You are browsing the archive for 2010 May.


May 30, 2010 in dublin, Ex-Patriate Games, Ireland, spazarific

My landlords have recently put a patio set out in the back, where the laundry machines are, and this is awesome. There are two chairs, a small glass table, a small potted section of palm tree, and a bucket filled with sand to serve as an ash tray. I don’t smoke, but I do sit, and I do look at the new flowers they’ve planted, and the drying line, hung with someone else’s pants, and the basket of blueberries I’ve brought with me, and my laptop; opened to a new short story that, for some reason, flowed in the rough draft stage but is now stalling in the first several pages. There’s a problem with the language more than anything else, and perhaps the pacing of the opening section, but I can’t figure out what it is.

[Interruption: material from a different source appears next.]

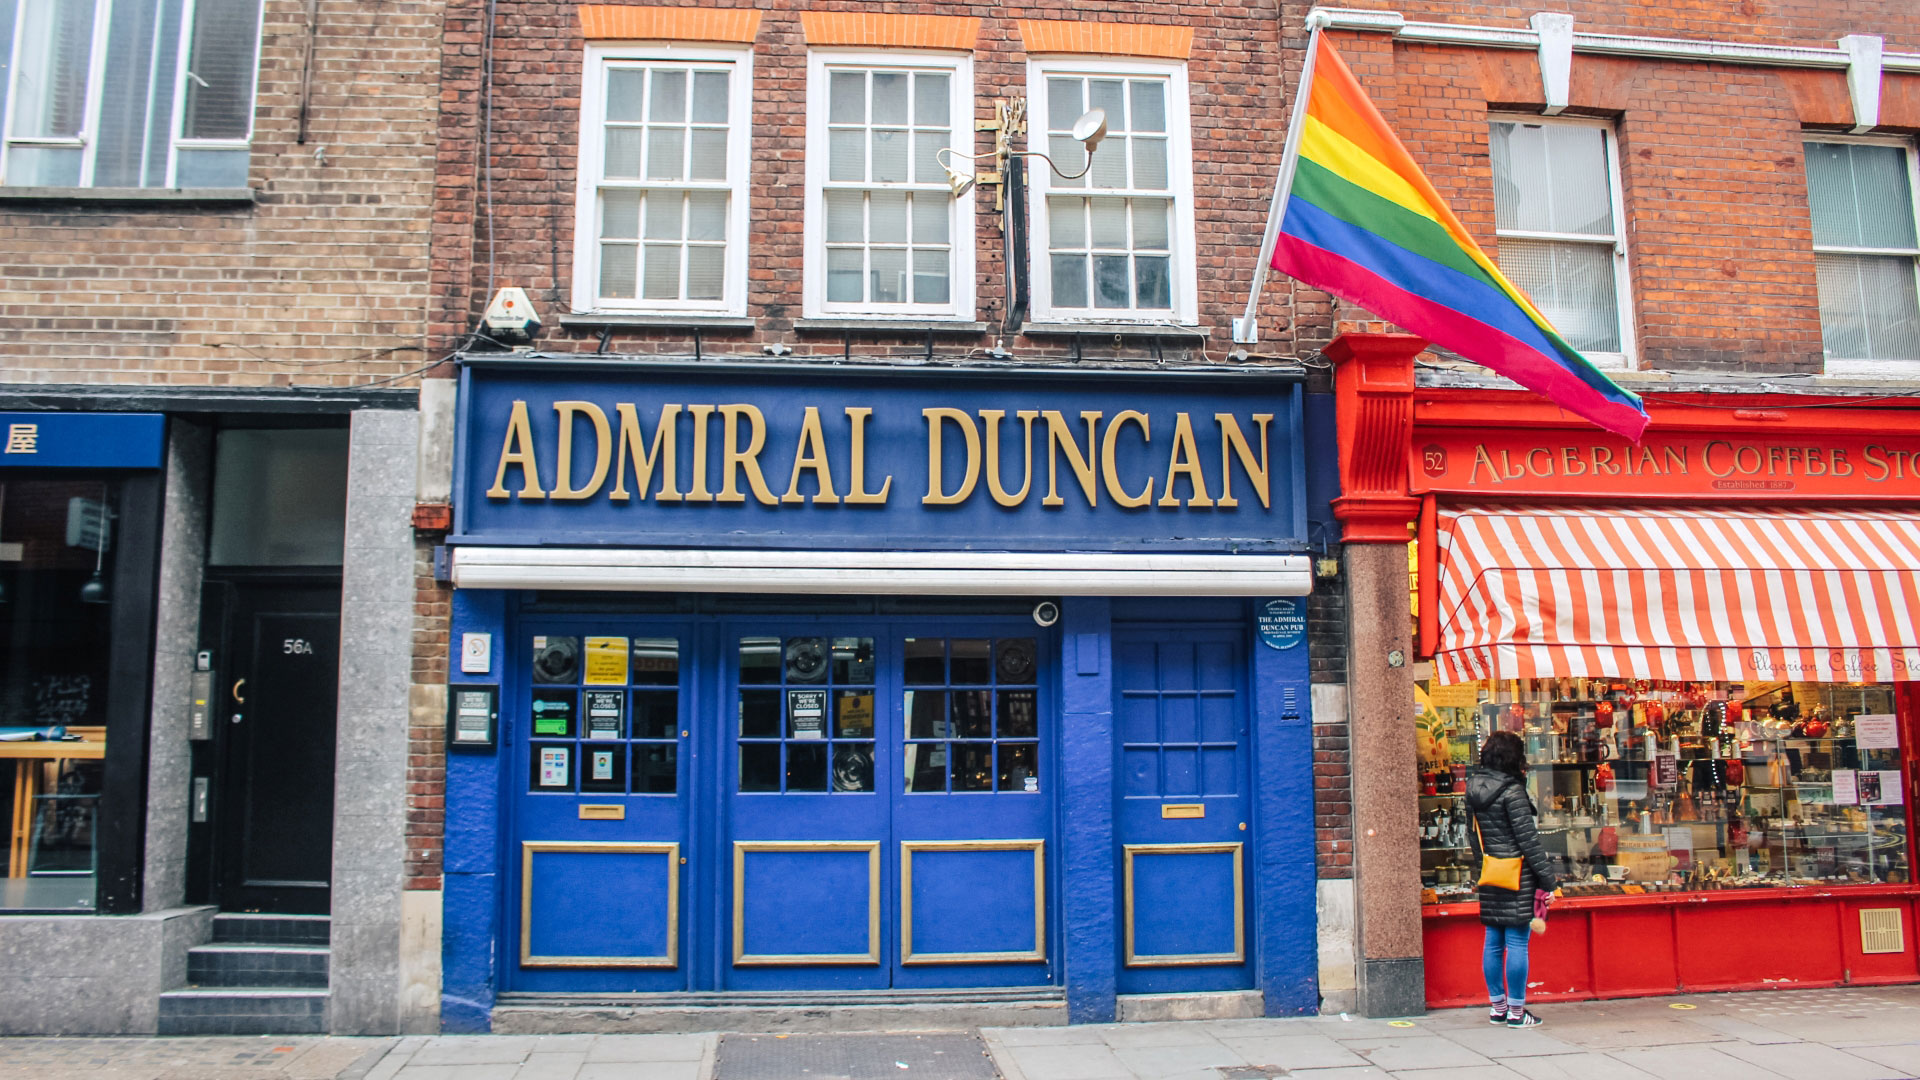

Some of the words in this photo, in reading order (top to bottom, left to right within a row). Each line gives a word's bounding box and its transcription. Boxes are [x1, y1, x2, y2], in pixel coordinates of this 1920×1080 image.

So I’m eating blueberries and enjoying the weather, which my thermometer says is 16 degrees, which means it’s warm enough to sit outside wearing just my Aran jumper and a pair of slacks. Yesterday it rained and I couldn’t find the swans in the Grand Canal and wondered – where do they go when the weather is bad? I walked up and down Camden Street and looked at rows of brightly colored buildings, stuck together, snaking towards City Centre, shining in the soft damp wet. A butcher, John Lynch the Swan, Flannery’s pub, a homeopathic remedy shop, a stationery boutique, a pet store which only sells birds and fish and hamsters and which is not, as far as I’m concerned, a real pet shop.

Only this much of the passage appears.